Personal information
- Born: May 20, 1962 (age 64) Bethalto, Illinois, United States
- Education: Bartlett High School University of Alaska Anchorage
- Spouse: Curtis Schreiner

Sport
- Sport: Biathlon
- Rank: Master Sergeant (NYANG)
- College team: Alaska Anchorage Seawolves

= Deborah Nordyke =

American biathlete (born 1962)

Deborah L. Nordyke (born May 20, 1962) is an American biathlete. She competed in the two events at the 1998 Winter Olympics.

In 1980, Nordyke graduated from Bartlett High School in Anchorage, Alaska where she competed in gymnastics and track and field. After high school, she attended the University of Alaska Anchorage and planned to become a teacher. She had never skied until joining the Air National Guard and the Alaska Anchorage Seawolves ski team.

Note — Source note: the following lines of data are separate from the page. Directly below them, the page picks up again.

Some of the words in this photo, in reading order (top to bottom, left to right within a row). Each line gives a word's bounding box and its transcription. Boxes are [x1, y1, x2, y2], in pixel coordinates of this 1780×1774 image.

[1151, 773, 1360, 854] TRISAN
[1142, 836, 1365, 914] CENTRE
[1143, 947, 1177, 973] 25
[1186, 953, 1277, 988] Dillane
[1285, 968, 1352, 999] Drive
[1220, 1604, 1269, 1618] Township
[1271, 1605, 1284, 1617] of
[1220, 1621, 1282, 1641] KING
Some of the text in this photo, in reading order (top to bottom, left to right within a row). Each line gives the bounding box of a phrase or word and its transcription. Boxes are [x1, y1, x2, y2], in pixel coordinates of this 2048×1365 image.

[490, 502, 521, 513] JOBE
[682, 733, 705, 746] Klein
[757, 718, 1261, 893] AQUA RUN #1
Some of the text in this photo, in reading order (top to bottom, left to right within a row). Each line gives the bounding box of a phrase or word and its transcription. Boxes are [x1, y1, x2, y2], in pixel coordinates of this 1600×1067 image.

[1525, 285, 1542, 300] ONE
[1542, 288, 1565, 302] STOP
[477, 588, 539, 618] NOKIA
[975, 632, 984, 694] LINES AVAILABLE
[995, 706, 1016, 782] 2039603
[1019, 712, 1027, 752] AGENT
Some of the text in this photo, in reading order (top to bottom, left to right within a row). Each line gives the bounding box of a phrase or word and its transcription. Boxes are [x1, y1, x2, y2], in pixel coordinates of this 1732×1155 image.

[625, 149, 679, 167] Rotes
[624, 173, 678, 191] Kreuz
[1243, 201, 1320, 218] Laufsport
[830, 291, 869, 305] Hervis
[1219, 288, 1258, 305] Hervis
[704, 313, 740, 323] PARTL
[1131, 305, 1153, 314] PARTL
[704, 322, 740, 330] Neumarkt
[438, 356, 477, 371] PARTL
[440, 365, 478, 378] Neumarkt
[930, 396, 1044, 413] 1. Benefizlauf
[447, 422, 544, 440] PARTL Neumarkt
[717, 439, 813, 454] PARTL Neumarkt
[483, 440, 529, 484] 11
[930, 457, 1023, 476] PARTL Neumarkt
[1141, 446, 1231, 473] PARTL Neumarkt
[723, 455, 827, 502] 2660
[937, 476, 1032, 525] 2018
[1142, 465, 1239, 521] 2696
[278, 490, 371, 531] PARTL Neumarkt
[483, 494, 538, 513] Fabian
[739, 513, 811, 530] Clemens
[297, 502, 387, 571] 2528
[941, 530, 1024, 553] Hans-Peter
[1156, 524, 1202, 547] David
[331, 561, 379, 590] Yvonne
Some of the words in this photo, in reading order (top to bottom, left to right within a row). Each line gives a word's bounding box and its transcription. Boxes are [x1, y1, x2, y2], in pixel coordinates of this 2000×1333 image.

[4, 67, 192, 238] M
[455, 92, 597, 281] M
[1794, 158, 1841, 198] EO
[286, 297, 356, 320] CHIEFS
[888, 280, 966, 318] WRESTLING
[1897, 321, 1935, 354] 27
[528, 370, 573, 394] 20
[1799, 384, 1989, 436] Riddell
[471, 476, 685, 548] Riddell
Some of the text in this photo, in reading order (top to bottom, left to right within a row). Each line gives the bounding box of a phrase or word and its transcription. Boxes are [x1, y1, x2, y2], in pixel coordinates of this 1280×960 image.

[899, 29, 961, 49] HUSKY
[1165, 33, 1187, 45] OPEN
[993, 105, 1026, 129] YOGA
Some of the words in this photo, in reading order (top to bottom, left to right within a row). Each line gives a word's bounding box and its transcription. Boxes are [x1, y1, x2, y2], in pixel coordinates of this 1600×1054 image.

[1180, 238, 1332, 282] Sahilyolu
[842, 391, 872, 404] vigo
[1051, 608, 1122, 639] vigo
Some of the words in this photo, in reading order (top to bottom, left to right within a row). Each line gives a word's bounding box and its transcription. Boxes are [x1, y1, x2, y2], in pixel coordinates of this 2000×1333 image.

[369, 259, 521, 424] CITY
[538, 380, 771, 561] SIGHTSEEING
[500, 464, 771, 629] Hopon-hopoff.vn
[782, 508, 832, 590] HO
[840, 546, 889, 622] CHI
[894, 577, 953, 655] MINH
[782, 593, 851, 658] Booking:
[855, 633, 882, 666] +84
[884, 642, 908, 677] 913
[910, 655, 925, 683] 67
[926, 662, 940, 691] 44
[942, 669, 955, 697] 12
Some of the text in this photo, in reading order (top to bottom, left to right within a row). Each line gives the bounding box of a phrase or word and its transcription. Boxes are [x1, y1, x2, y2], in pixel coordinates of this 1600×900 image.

She did not begin training regularly in biathlon until 1992, at which time she was working as an elementary school teacher in Oregon. She participated in summer biathlon competitions in the offseason.

As of January 1998, Nordyke was engaged to be married to fellow American Olympic biathlete Curtis Schreiner of Day, New York and the couple hoped to be married that year. In June 1998, she was granted a transfer to the 109th Airlift Wing of the New York Air National Guard. Her first child with Schreiner was born in February 1999. As of February 2016, she and Schreiner were living with their three children in Hadley, New York where she was working as a substitute teacher while continuing to serve in the National Guard.